A uno y a su pareja les regalaron en una ocasión un cactus al que, según la donante, había que cuidar con esmero porque su vida determinaba la duración del amor que nos teníamos entonces los receptores de la misma. Si se moría el cactus, la relación también se marchitaría hasta pudrirse. Así que había que vigilar para que el cactus recibiera su ración diaria de sol, no recogiera demasiada agua de lluvia o de regantes espontáneos (nuestra hija y sus posos de leche con colacao, nuestros amigos y sus restos de vino), no acogiera parásitos, el gato del vecino no empujara el tiesto en el que estaba embutido ventana abajo, etc. Aquel regalo acabó convirtiéndose en una especie de maldición, ya que no podíamos desentendernos de él sin sentirnos desprotegidos de las inclemencias de lo divino (todos albergamos un alma supersticiosa en mayor o menor medida) y sin sentirnos doblemente culpables: ante la generosa e imaginativa amiga que nos había traído el cactus envuelto en celofán y un gran lazo rojo, de cuyas buenas intenciones nadie dudaba, y ante nosotros, que nos habíamos jurado amor eterno. Que la eternidad de este sentimiento no podía ponerse en manos de una antipática planta erizada de pinchos, tan poco comunicativa y con fecha de caducidad era algo ingrato de pensar por lo dicho antes (supersticiones y culpabilidades) y porque uno, en realidad, sabe que no hay más eternidad que la que hace germinar los instantes y los pone a temblar de emoción en algún tiempo presente.

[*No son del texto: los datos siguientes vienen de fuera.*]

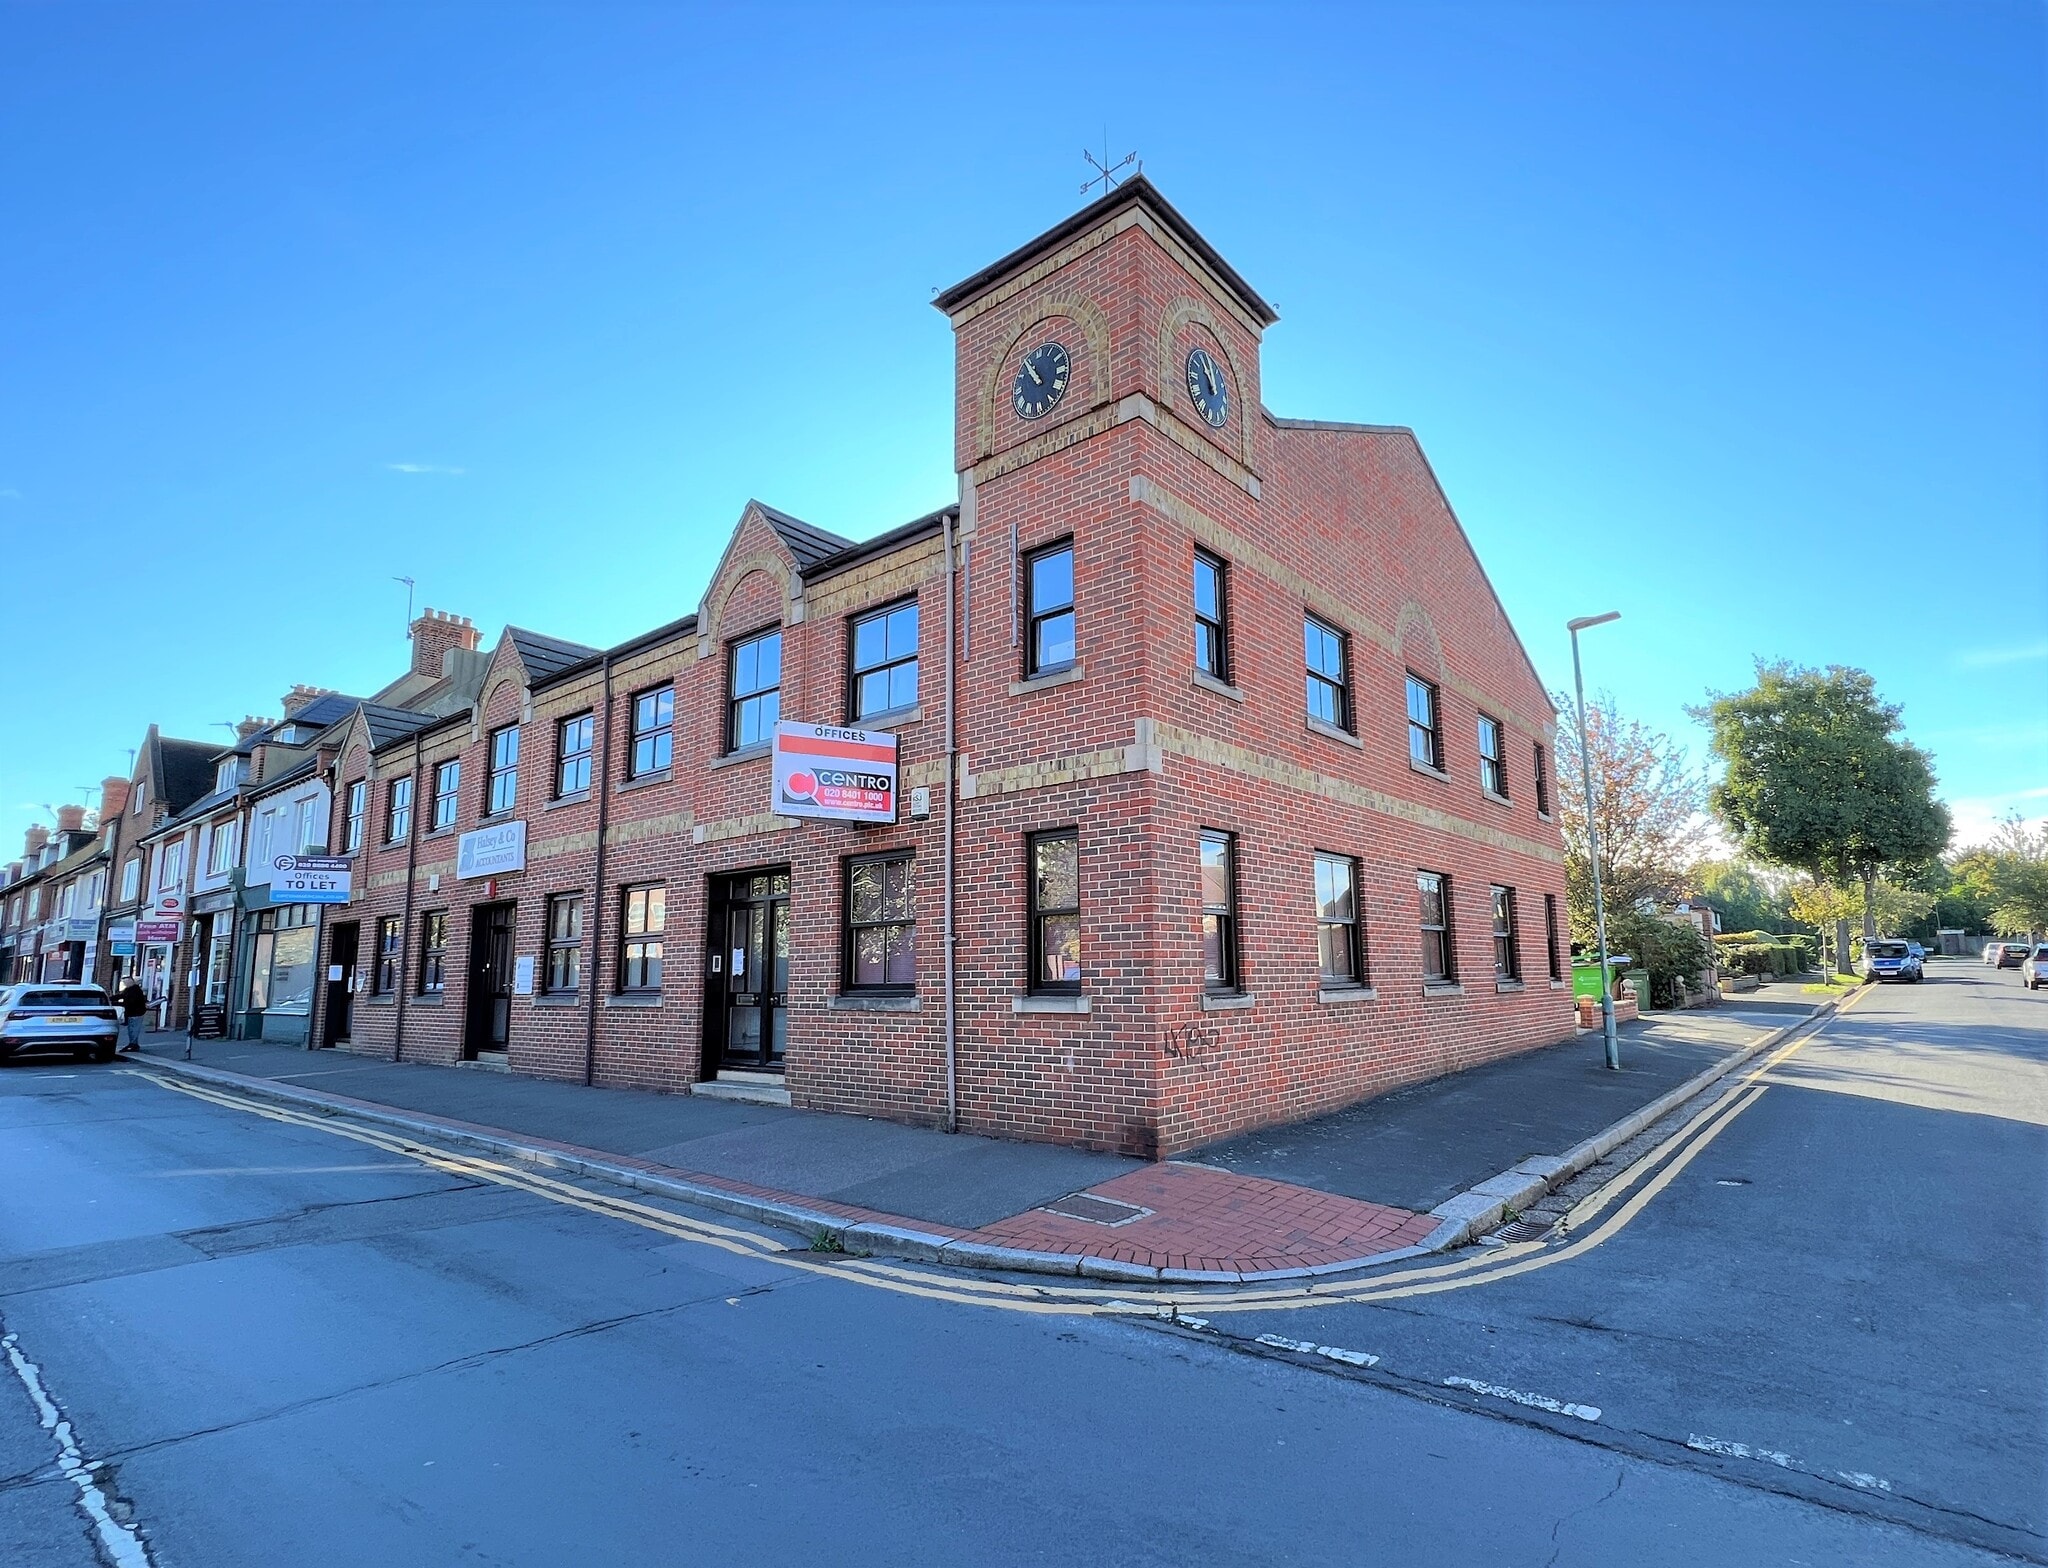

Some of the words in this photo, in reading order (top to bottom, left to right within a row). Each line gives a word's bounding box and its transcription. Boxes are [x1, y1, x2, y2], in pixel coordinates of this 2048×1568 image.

Otro amigo ha recibido hace unas semanas, de manos de alguien muy cercano a él, un bonsai al que, al igual que pasaba con el cactus, hay que dedicar horas y delicadezas si no quiere que se eche a perder. Enseguida le amarillean las hojas, hay que regarlo con un biberón (uno no ha entendido la razón de esto ni quiere, por favor, entenderlo), hay que podar respetando ciertas reglas esotéricas, no se puede ir de viaje sin encargar a alguien su cuidado, etc. Un regalo, como el anterior, que da demasiado trabajo y que, lejos del tópico de que el reino vegetal contagia serenidad y armonía a las casas, histeriza el ambiente y estresa a sus habitantes.

Cactus y bonsais: hay aficionados de ellos y eso está bien; pero no es una afición obligatoria que se pueda ir propagando como una fe a quienes ni están a la altura de la misma ni quieren estarlo. Dicho de otro modo: deberíamos dejar de considerar como regalos todo aquello que, por muy buena que sea la intención que haya detrás (y no siempre la hay, por lo menos a nivel inconsciente), demuestra un profundo desconocimiento por parte de la persona que los hace de la persona a quien están destinados. Esos regalos, que son egocéntricos en vez de ser altruistas, uno tendría que poder devolverlos o no aceptarlos desde el principio con total naturalidad, ya que lo más que pueden hacer es enturbiar las relaciones de ida y de vuelta entre ambos protagonistas de la acción. Alguien que te quiere debe saber quién eres y qué necesitas o qué te gusta. Alguien que te quiere, de no saber todavía eso (por ser reciente la amistad o por cualquier otra causa), debe estar muy interesado en aprenderlo desde ti y no desde él, para ti y no para él, contigo y no prescindiendo de ti. Dicho lo cual aviso: el próximo cactus que reciba se lo aplastaré en la cabeza a quien me lo dé.